── Working data

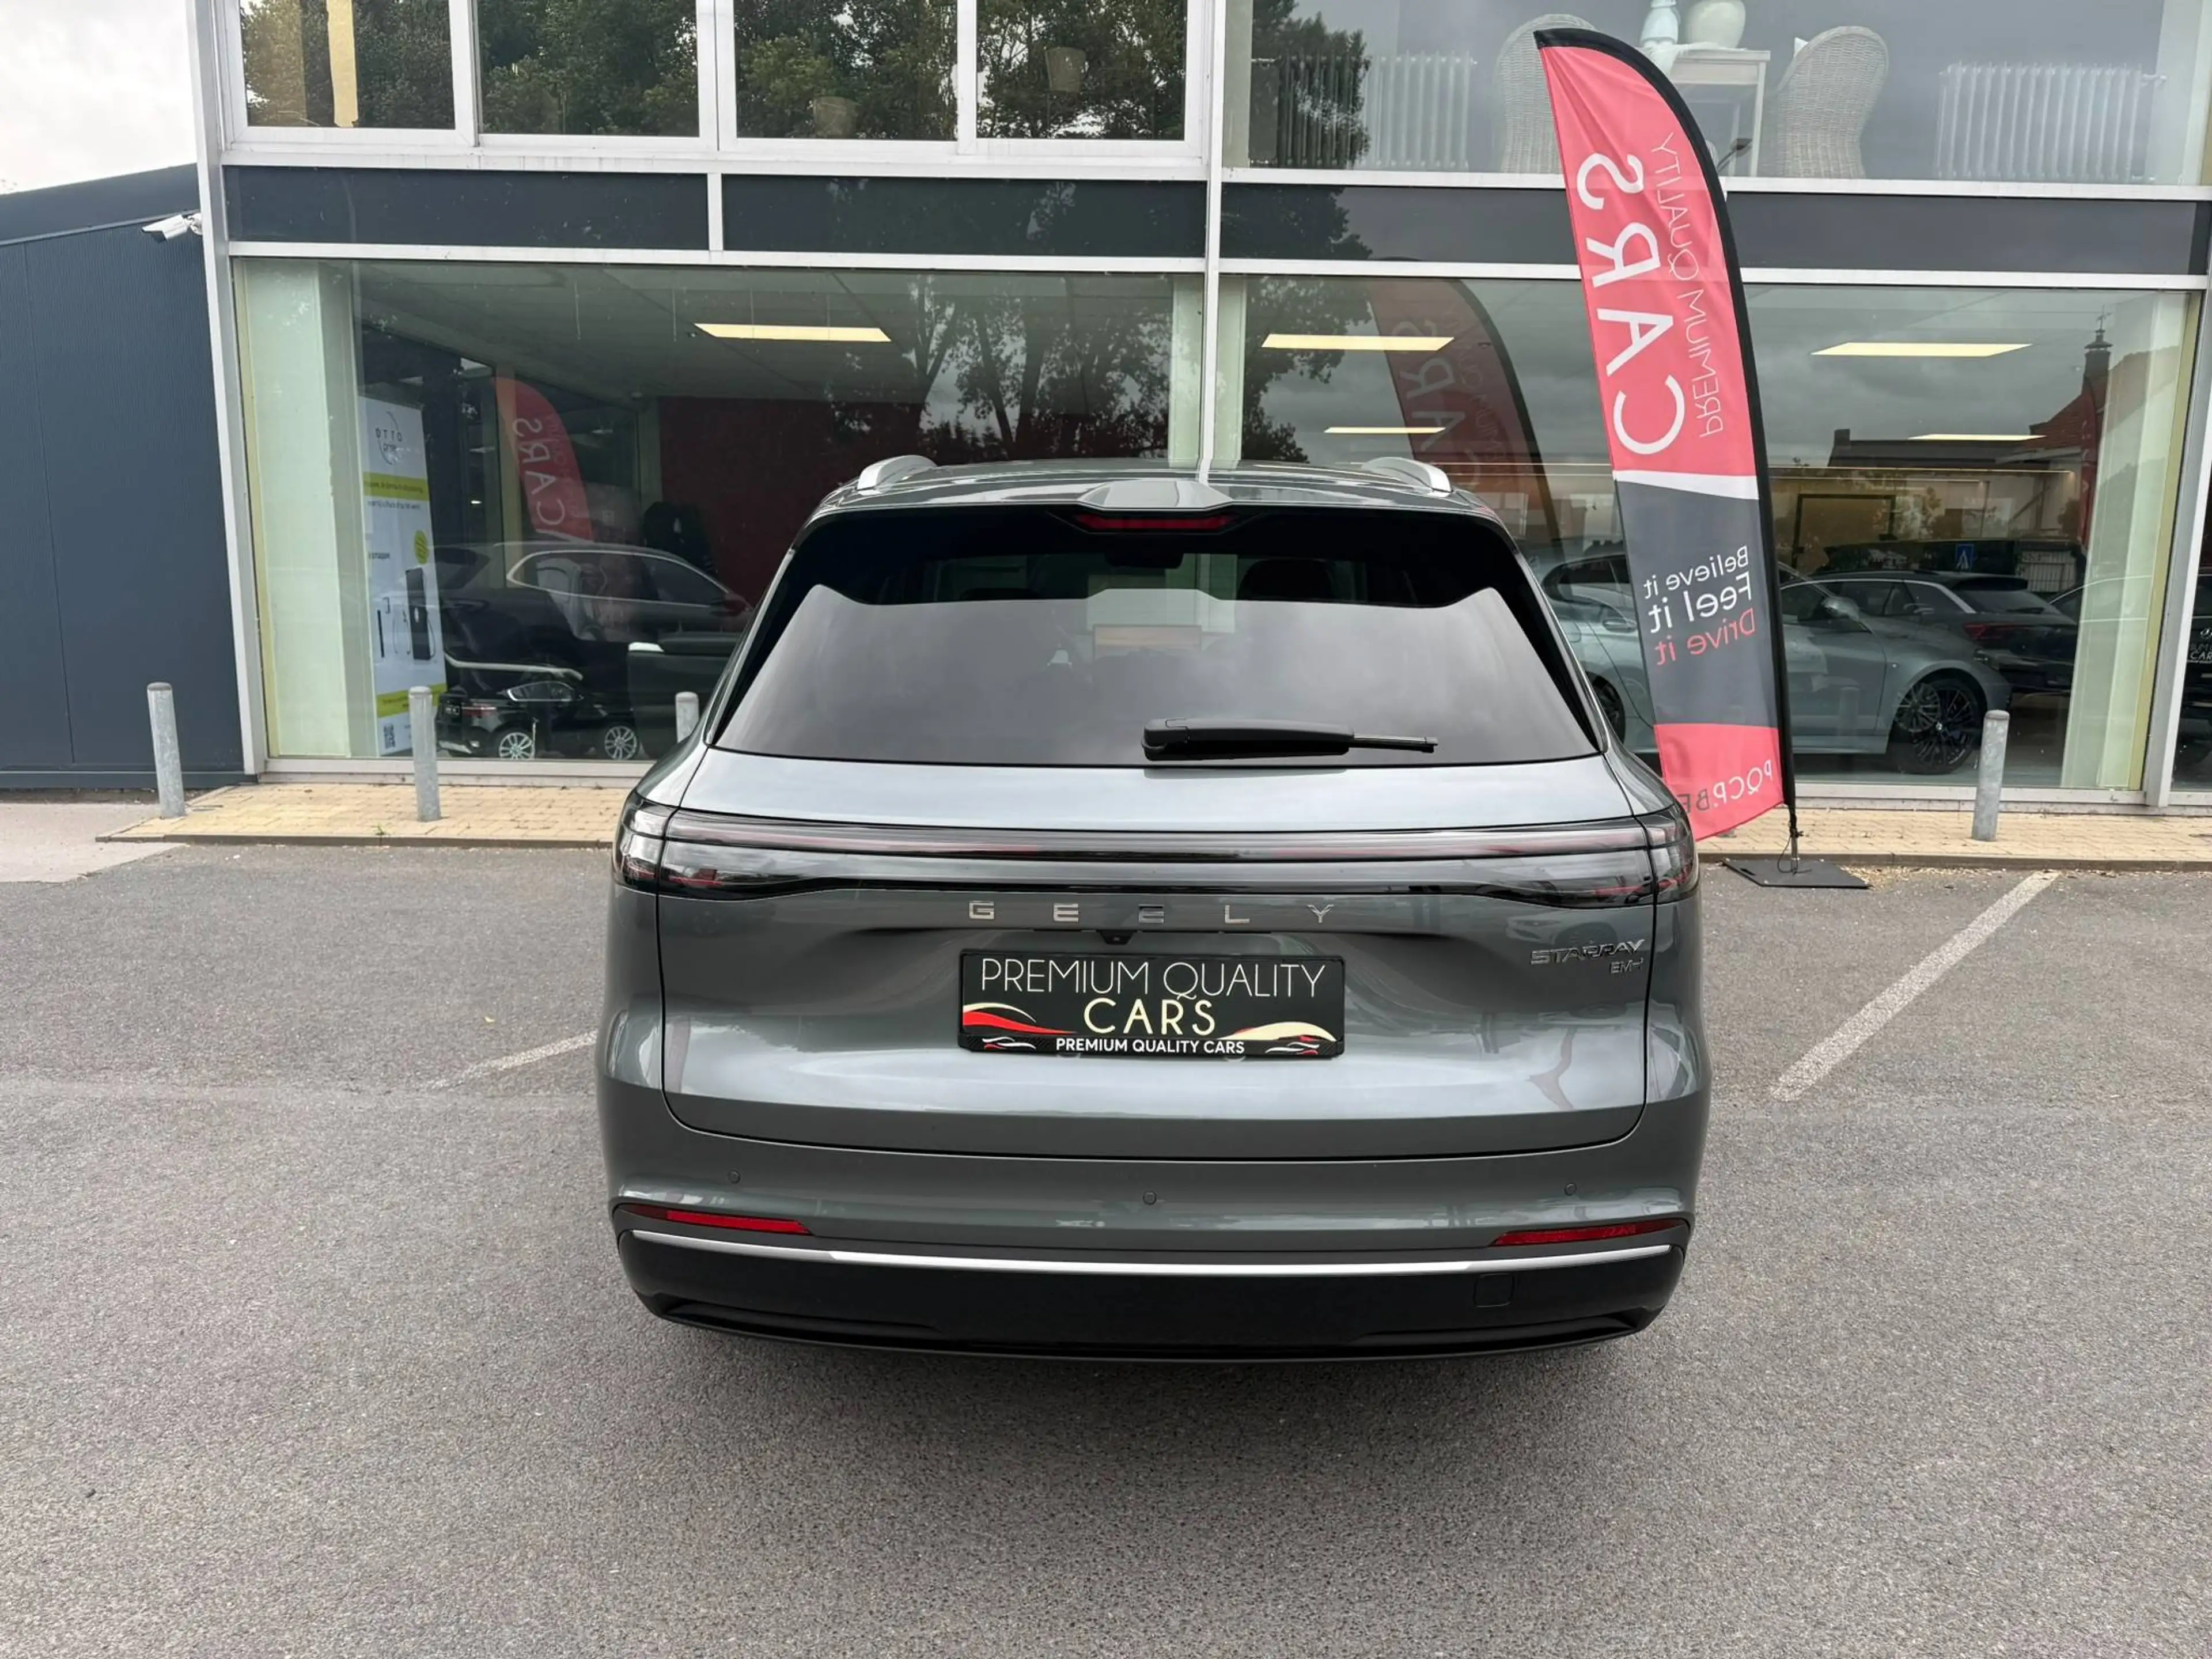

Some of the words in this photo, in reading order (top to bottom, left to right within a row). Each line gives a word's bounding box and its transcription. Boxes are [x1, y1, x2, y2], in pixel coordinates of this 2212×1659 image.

[968, 900, 1335, 924] GEELY
[1531, 939, 1646, 966] STARRAY
[981, 958, 1149, 995] PREMIUM
[1162, 960, 1326, 1001] QUALITY
[1083, 997, 1217, 1036] CARS
[1056, 1037, 1129, 1053] PREMIUM
[1132, 1039, 1200, 1055] QUALITY
[1202, 1039, 1245, 1055] CARS

────

Required work:
Print every entry exactly as written, without the pictures.

Answer section:
Some of the words in this photo, in reading order (top to bottom, left to right within a row). Each line gives a word's bounding box and its transcription. Boxes are [x1, y1, x2, y2], in pixel coordinates of this 2212×1659 image.

[968, 900, 1335, 924] GEELY
[1531, 939, 1646, 966] STARRAY
[981, 958, 1149, 995] PREMIUM
[1162, 960, 1326, 1001] QUALITY
[1083, 997, 1217, 1036] CARS
[1056, 1037, 1129, 1053] PREMIUM
[1132, 1039, 1200, 1055] QUALITY
[1202, 1039, 1245, 1055] CARS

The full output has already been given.